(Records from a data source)
*** Begin section ***

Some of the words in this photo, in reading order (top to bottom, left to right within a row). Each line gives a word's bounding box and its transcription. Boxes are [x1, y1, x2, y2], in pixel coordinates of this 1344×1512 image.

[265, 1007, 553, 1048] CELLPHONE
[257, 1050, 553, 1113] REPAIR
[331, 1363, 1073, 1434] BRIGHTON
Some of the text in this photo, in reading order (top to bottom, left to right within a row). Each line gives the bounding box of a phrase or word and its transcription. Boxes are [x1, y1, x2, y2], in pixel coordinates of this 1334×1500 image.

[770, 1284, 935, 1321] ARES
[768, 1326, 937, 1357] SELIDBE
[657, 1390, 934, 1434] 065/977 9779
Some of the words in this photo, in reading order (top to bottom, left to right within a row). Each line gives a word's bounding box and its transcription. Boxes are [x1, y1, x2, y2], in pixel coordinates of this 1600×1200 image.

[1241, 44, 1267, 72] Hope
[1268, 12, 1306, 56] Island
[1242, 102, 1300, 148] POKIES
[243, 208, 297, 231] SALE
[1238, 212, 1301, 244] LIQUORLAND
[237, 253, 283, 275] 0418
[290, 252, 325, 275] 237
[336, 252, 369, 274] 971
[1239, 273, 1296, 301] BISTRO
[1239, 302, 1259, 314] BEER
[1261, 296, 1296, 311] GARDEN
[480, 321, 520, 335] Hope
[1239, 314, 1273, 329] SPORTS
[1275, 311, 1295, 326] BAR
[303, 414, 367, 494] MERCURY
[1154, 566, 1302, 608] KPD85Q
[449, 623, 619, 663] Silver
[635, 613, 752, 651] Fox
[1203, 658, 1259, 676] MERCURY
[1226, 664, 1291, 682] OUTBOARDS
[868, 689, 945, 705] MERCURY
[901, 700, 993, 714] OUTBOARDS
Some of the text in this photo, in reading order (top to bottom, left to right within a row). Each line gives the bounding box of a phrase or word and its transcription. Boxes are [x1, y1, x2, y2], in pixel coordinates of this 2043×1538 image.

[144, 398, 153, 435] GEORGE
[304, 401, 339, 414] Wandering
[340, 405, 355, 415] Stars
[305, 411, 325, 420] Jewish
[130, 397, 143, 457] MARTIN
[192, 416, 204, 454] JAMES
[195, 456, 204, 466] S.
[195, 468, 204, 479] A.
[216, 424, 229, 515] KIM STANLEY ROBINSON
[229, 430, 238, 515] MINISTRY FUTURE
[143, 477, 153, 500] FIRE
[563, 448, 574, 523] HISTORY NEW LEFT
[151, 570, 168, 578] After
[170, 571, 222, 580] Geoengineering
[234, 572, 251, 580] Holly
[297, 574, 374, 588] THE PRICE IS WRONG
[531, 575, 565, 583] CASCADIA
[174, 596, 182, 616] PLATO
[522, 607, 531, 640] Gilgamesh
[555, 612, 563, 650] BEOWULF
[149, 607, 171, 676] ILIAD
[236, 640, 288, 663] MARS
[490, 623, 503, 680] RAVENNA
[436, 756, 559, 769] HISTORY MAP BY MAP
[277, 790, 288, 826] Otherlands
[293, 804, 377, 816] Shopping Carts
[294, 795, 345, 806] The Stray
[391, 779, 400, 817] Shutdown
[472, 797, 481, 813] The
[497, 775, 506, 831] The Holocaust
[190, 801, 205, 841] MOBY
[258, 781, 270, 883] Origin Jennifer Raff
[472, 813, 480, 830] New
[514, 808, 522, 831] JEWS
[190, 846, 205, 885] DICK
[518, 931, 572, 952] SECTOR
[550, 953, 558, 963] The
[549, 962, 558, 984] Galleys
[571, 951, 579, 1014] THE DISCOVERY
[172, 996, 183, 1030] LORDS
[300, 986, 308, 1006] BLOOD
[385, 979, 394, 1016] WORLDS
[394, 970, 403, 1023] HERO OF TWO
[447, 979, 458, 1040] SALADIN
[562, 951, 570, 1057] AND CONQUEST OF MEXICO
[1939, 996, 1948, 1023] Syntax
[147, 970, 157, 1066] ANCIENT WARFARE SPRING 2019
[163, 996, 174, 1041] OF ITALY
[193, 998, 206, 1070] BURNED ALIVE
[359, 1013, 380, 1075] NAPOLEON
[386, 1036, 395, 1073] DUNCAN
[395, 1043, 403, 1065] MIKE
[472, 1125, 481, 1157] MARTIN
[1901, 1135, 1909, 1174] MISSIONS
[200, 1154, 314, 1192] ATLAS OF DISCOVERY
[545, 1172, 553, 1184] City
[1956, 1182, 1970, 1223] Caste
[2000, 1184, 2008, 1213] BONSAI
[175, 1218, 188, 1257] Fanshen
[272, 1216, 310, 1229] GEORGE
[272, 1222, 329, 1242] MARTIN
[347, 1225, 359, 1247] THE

*** End section ***

GOAL OF THE EXERCISE – All the records above are to be reproduced exactly.

RESULT –
Some of the words in this photo, in reading order (top to bottom, left to right within a row). Each line gives a word's bounding box and its transcription. Boxes are [x1, y1, x2, y2], in pixel coordinates of this 1344×1512 image.

[265, 1007, 553, 1048] CELLPHONE
[257, 1050, 553, 1113] REPAIR
[331, 1363, 1073, 1434] BRIGHTON
Some of the text in this photo, in reading order (top to bottom, left to right within a row). Each line gives the bounding box of a phrase or word and its transcription. Boxes are [x1, y1, x2, y2], in pixel coordinates of this 1334×1500 image.

[770, 1284, 935, 1321] ARES
[768, 1326, 937, 1357] SELIDBE
[657, 1390, 934, 1434] 065/977 9779
Some of the words in this photo, in reading order (top to bottom, left to right within a row). Each line gives a word's bounding box and its transcription. Boxes are [x1, y1, x2, y2], in pixel coordinates of this 1600×1200 image.

[1241, 44, 1267, 72] Hope
[1268, 12, 1306, 56] Island
[1242, 102, 1300, 148] POKIES
[243, 208, 297, 231] SALE
[1238, 212, 1301, 244] LIQUORLAND
[237, 253, 283, 275] 0418
[290, 252, 325, 275] 237
[336, 252, 369, 274] 971
[1239, 273, 1296, 301] BISTRO
[1239, 302, 1259, 314] BEER
[1261, 296, 1296, 311] GARDEN
[480, 321, 520, 335] Hope
[1239, 314, 1273, 329] SPORTS
[1275, 311, 1295, 326] BAR
[303, 414, 367, 494] MERCURY
[1154, 566, 1302, 608] KPD85Q
[449, 623, 619, 663] Silver
[635, 613, 752, 651] Fox
[1203, 658, 1259, 676] MERCURY
[1226, 664, 1291, 682] OUTBOARDS
[868, 689, 945, 705] MERCURY
[901, 700, 993, 714] OUTBOARDS
Some of the text in this photo, in reading order (top to bottom, left to right within a row). Each line gives the bounding box of a phrase or word and its transcription. Boxes are [x1, y1, x2, y2], in pixel coordinates of this 2043×1538 image.

[144, 398, 153, 435] GEORGE
[304, 401, 339, 414] Wandering
[340, 405, 355, 415] Stars
[305, 411, 325, 420] Jewish
[130, 397, 143, 457] MARTIN
[192, 416, 204, 454] JAMES
[195, 456, 204, 466] S.
[195, 468, 204, 479] A.
[216, 424, 229, 515] KIM STANLEY ROBINSON
[229, 430, 238, 515] MINISTRY FUTURE
[143, 477, 153, 500] FIRE
[563, 448, 574, 523] HISTORY NEW LEFT
[151, 570, 168, 578] After
[170, 571, 222, 580] Geoengineering
[234, 572, 251, 580] Holly
[297, 574, 374, 588] THE PRICE IS WRONG
[531, 575, 565, 583] CASCADIA
[174, 596, 182, 616] PLATO
[522, 607, 531, 640] Gilgamesh
[555, 612, 563, 650] BEOWULF
[149, 607, 171, 676] ILIAD
[236, 640, 288, 663] MARS
[490, 623, 503, 680] RAVENNA
[436, 756, 559, 769] HISTORY MAP BY MAP
[277, 790, 288, 826] Otherlands
[293, 804, 377, 816] Shopping Carts
[294, 795, 345, 806] The Stray
[391, 779, 400, 817] Shutdown
[472, 797, 481, 813] The
[497, 775, 506, 831] The Holocaust
[190, 801, 205, 841] MOBY
[258, 781, 270, 883] Origin Jennifer Raff
[472, 813, 480, 830] New
[514, 808, 522, 831] JEWS
[190, 846, 205, 885] DICK
[518, 931, 572, 952] SECTOR
[550, 953, 558, 963] The
[549, 962, 558, 984] Galleys
[571, 951, 579, 1014] THE DISCOVERY
[172, 996, 183, 1030] LORDS
[300, 986, 308, 1006] BLOOD
[385, 979, 394, 1016] WORLDS
[394, 970, 403, 1023] HERO OF TWO
[447, 979, 458, 1040] SALADIN
[562, 951, 570, 1057] AND CONQUEST OF MEXICO
[1939, 996, 1948, 1023] Syntax
[147, 970, 157, 1066] ANCIENT WARFARE SPRING 2019
[163, 996, 174, 1041] OF ITALY
[193, 998, 206, 1070] BURNED ALIVE
[359, 1013, 380, 1075] NAPOLEON
[386, 1036, 395, 1073] DUNCAN
[395, 1043, 403, 1065] MIKE
[472, 1125, 481, 1157] MARTIN
[1901, 1135, 1909, 1174] MISSIONS
[200, 1154, 314, 1192] ATLAS OF DISCOVERY
[545, 1172, 553, 1184] City
[1956, 1182, 1970, 1223] Caste
[2000, 1184, 2008, 1213] BONSAI
[175, 1218, 188, 1257] Fanshen
[272, 1216, 310, 1229] GEORGE
[272, 1222, 329, 1242] MARTIN
[347, 1225, 359, 1247] THE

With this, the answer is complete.